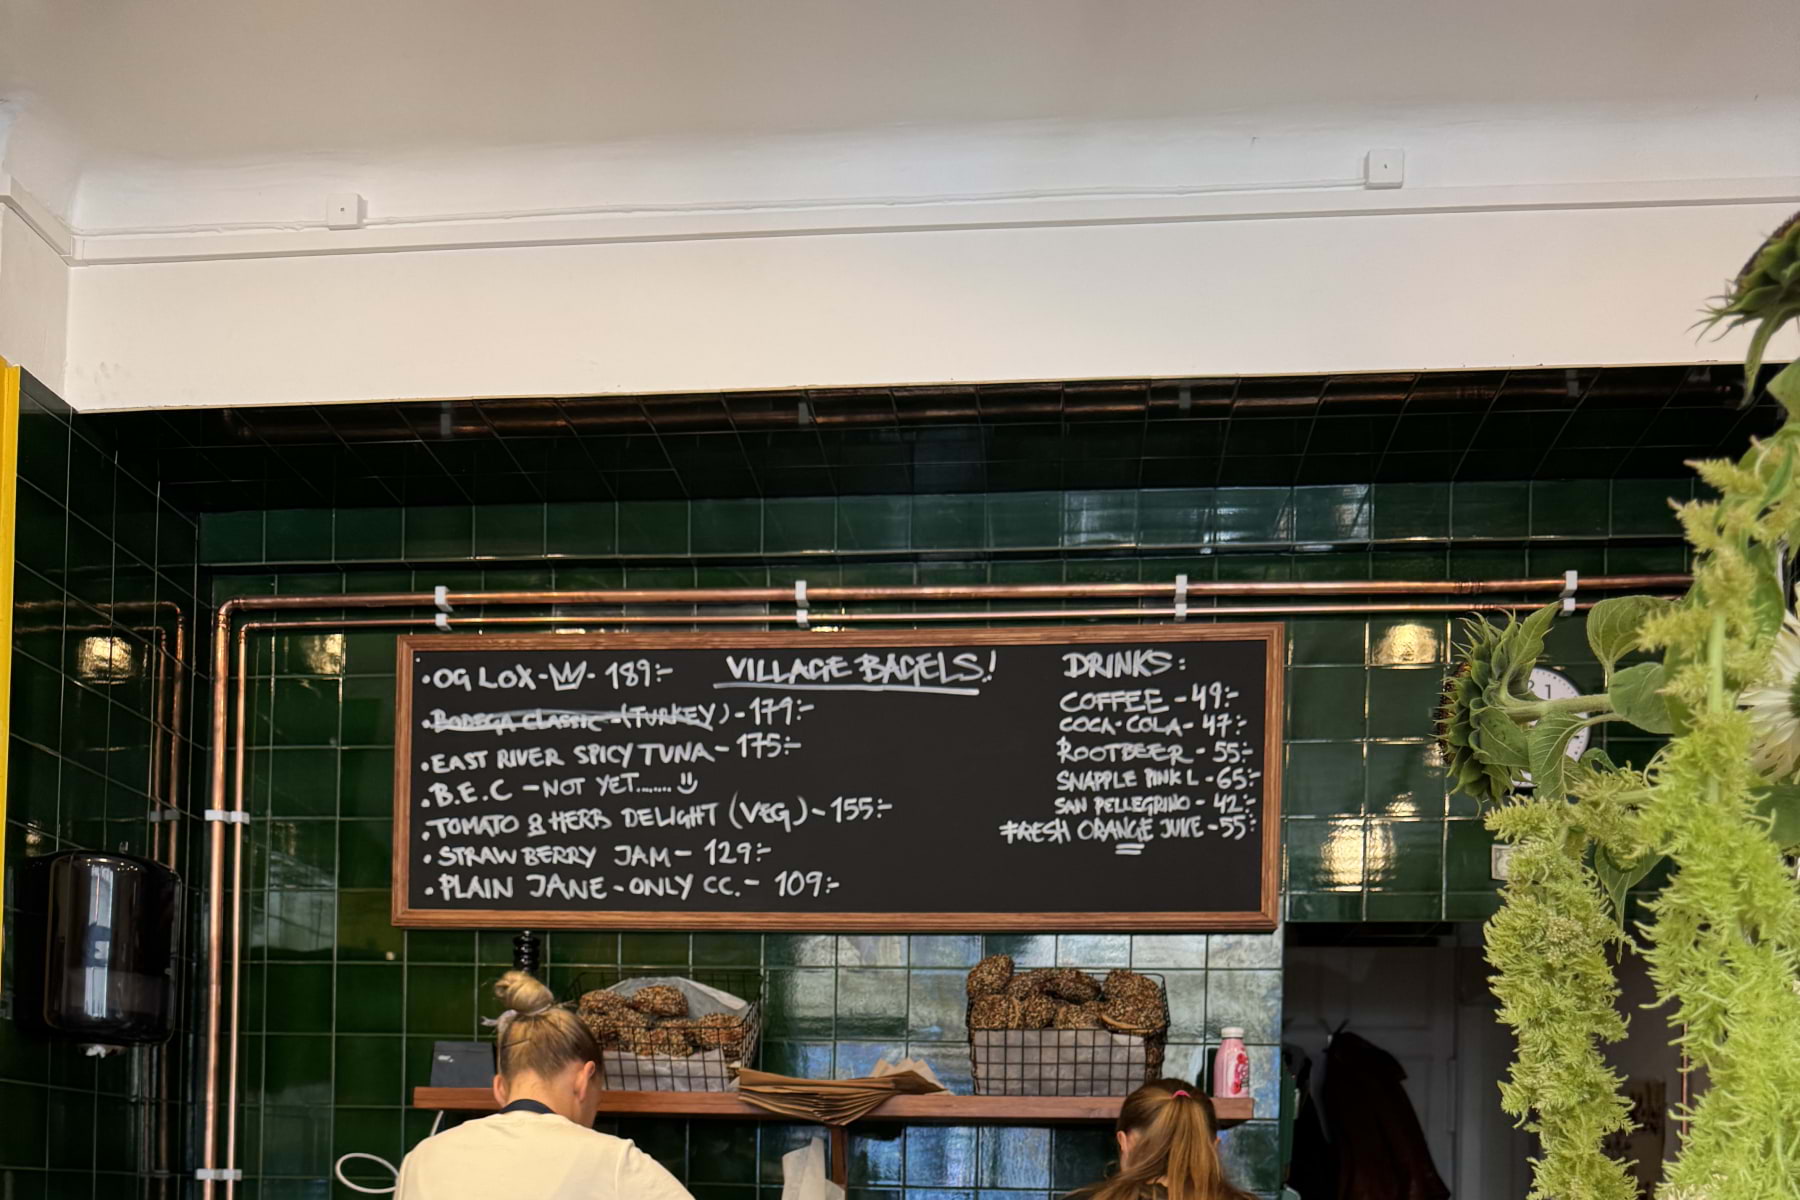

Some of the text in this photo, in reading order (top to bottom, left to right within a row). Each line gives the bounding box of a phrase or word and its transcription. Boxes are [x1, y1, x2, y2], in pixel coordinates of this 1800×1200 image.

[433, 668, 472, 691] OG
[726, 649, 996, 687] VILLAGE BAGELS!
[1059, 689, 1169, 714] COFFEE
[430, 751, 488, 774] EAST
[497, 747, 565, 769] RIVER
[573, 743, 633, 769] SPICY
[1057, 736, 1194, 766] ROOTBEER
[1056, 769, 1137, 792] SNAPPLE
[1144, 769, 1182, 788] PINK
[1186, 769, 1199, 786] L
[425, 814, 520, 839] TOMATO
[527, 813, 547, 837] &
[548, 807, 612, 834] HERB
[621, 802, 719, 829] DELIGHT
[729, 791, 808, 833] (VEG)
[1054, 797, 1087, 816] SAN
[1094, 794, 1190, 817] PELLEGRINO
[999, 817, 1071, 844] FRESH
[1077, 816, 1154, 842] ORANGE
[614, 845, 672, 868] JAM
[439, 873, 513, 901] PLAIN
[526, 873, 607, 900] JANE
[629, 873, 694, 900] ONLY
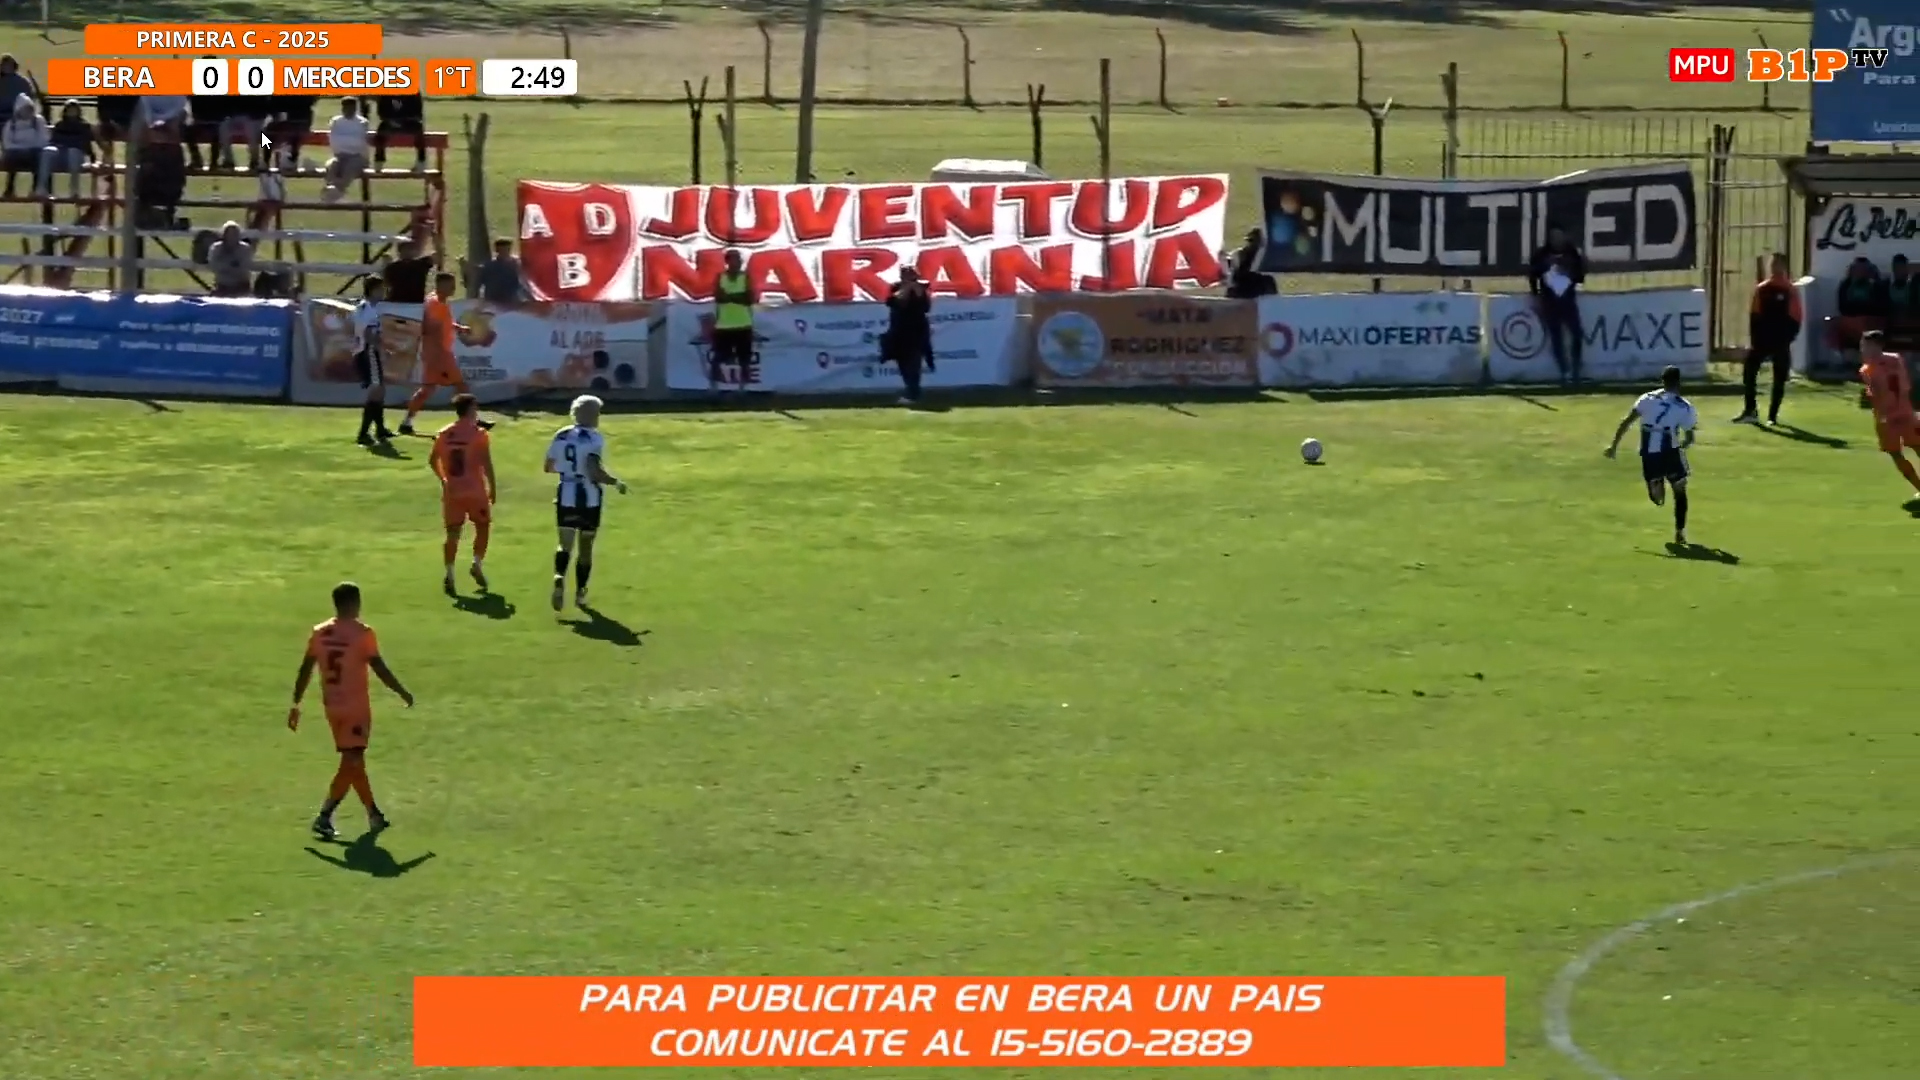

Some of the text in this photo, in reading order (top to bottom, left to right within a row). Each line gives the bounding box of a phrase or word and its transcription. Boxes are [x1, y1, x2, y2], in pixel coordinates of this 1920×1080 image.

[1863, 71, 1917, 85] Para
[520, 202, 617, 240] A D
[639, 176, 1226, 247] JUVENTUD
[556, 252, 592, 290] B
[639, 230, 1224, 303] NARANJA
[1658, 402, 1671, 424] 7
[564, 443, 578, 473] 9
[326, 650, 345, 685] 5

......

- Problem -
Print each entry shown above with exact wording and no pictures.

- Finished exercise -
Some of the text in this photo, in reading order (top to bottom, left to right within a row). Each line gives the bounding box of a phrase or word and its transcription. Boxes are [x1, y1, x2, y2], in pixel coordinates of this 1800×1200 image.

[433, 668, 472, 691] OG
[726, 649, 996, 687] VILLAGE BAGELS!
[1059, 689, 1169, 714] COFFEE
[430, 751, 488, 774] EAST
[497, 747, 565, 769] RIVER
[573, 743, 633, 769] SPICY
[1057, 736, 1194, 766] ROOTBEER
[1056, 769, 1137, 792] SNAPPLE
[1144, 769, 1182, 788] PINK
[1186, 769, 1199, 786] L
[425, 814, 520, 839] TOMATO
[527, 813, 547, 837] &
[548, 807, 612, 834] HERB
[621, 802, 719, 829] DELIGHT
[729, 791, 808, 833] (VEG)
[1054, 797, 1087, 816] SAN
[1094, 794, 1190, 817] PELLEGRINO
[999, 817, 1071, 844] FRESH
[1077, 816, 1154, 842] ORANGE
[614, 845, 672, 868] JAM
[439, 873, 513, 901] PLAIN
[526, 873, 607, 900] JANE
[629, 873, 694, 900] ONLY

Some of the text in this photo, in reading order (top to bottom, left to right within a row). Each line gives the bounding box of a phrase or word and its transcription. Boxes are [x1, y1, x2, y2], in pixel coordinates of this 1920×1080 image.

[1863, 71, 1917, 85] Para
[520, 202, 617, 240] A D
[639, 176, 1226, 247] JUVENTUD
[556, 252, 592, 290] B
[639, 230, 1224, 303] NARANJA
[1658, 402, 1671, 424] 7
[564, 443, 578, 473] 9
[326, 650, 345, 685] 5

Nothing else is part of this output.